East Busway Living
For the past fifteen years the Urban Laboratory has used Pittsburgh as its laboratory. Students in the Urban Lab work directly with the people who live in the towns and neighborhoods of the Pittsburgh metropolitan region.
Through empowering the citizens to express their aspirations, the recommendations of the Urban Lab have become, year after year, a tangible and accountable force in the evolution of the urban communities in the region.
There are 380 communities in the Pittsburgh region divided by topography, economics, class, and ethnic and racial differences. This fragmentation and separation has been and is a major regional problem. Such diversity, however, presents opportunities as well as challenges. This year, students studied both the factors that divide communities and those that promote connections between them Building upon the experience of the Urban Lab in studying regional issues on the local neighborhood scale, we focused our efforts on three communities along the East Busway: Swissvale/Edgewood, Wilkinsburg, and the Baum/Centre corridor. By promoting connectivity,new transit concepts can reinforce the region's social, cultural and economic life.

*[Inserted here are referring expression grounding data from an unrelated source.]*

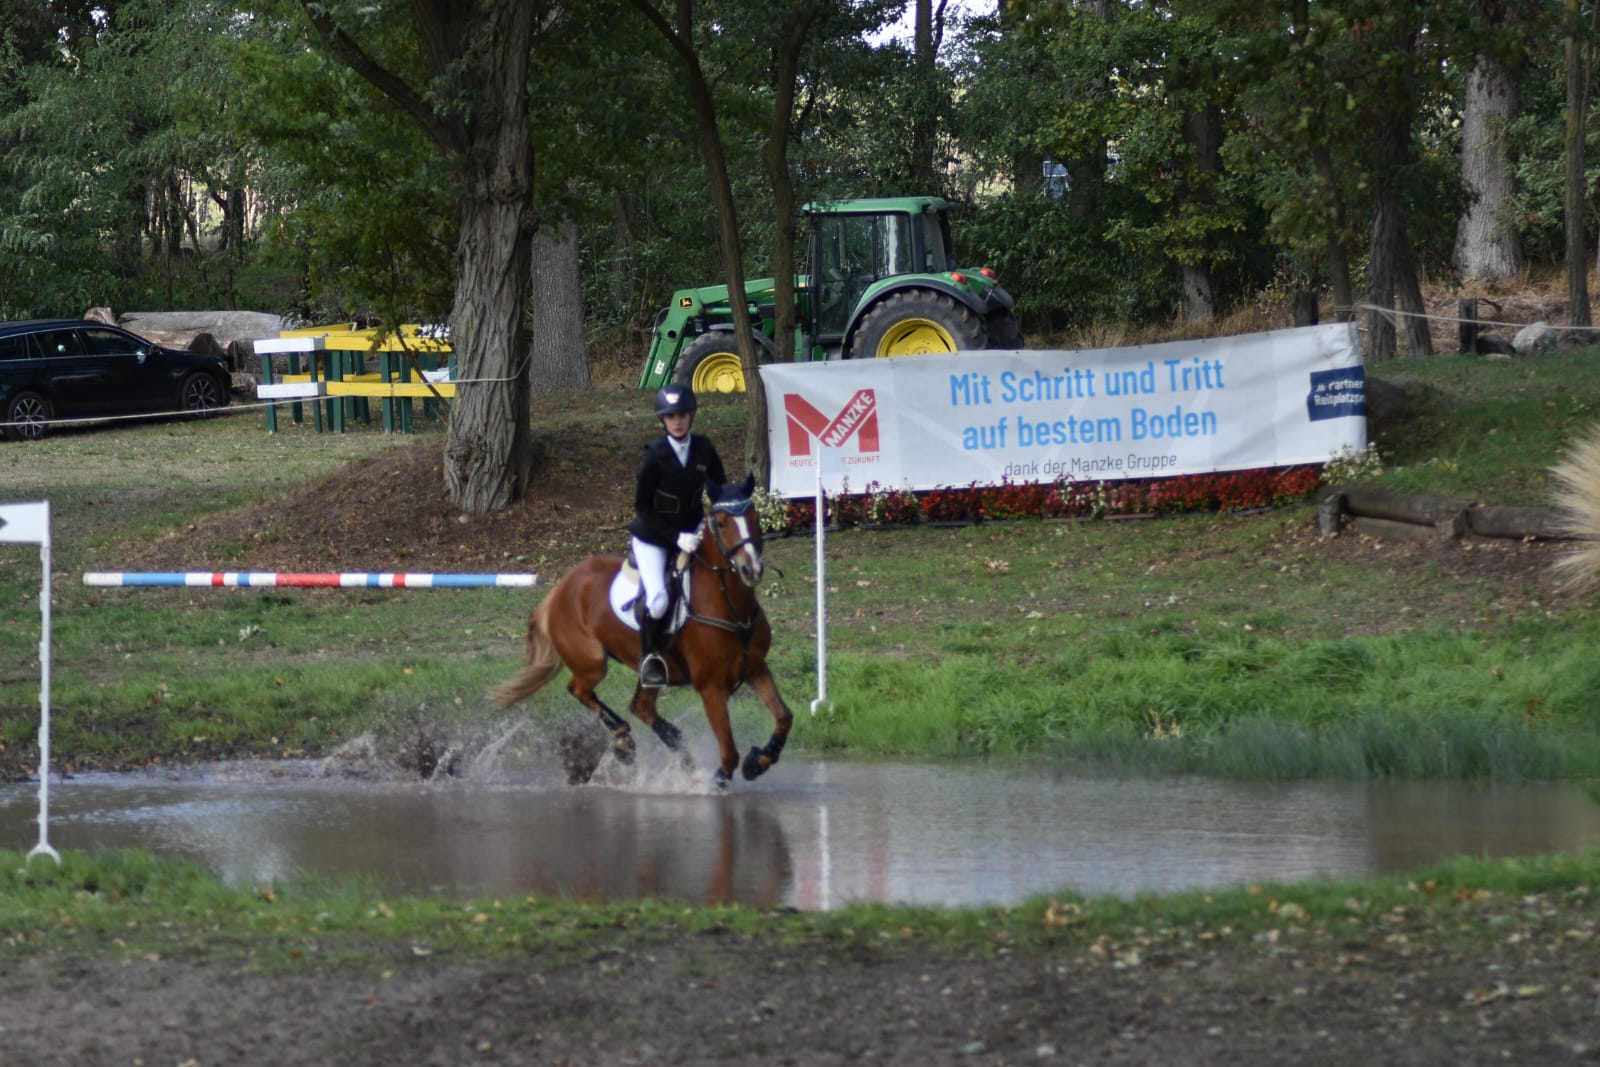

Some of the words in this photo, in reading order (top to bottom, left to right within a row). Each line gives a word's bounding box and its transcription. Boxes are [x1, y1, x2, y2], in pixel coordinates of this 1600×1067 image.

[950, 373, 992, 406] Mit
[1000, 367, 1096, 403] Schritt
[1104, 361, 1156, 396] und
[1163, 357, 1225, 392] Tritt
[825, 391, 873, 447] MANZKE
[962, 416, 1007, 450] auf
[1016, 414, 1122, 447] bestem
[1130, 405, 1218, 440] Boden
[789, 459, 813, 467] HEUTE
[847, 455, 881, 464] ZUKUNFT
[1004, 460, 1039, 477] dank
[1043, 457, 1067, 474] der
[1071, 454, 1124, 473] Manzke
[1127, 453, 1177, 470] Gruppe

The overall goal of the project for this year is to produce a set of design and policy recommendations that will help overcome the impediments to cooperation and promote those elements that would strengthen connections in light of present and future demands. This semester, our focus has been of the creation of specific recommendations within the urban frame works produced during the Fall of 2004. All together, the work presented in these two volumes represents how we understand the aspirations of the citizens of those communities that so kindly spend time working with us in the development of urban design visions and implementation strategies of physical and programmatic connections within and between their communities.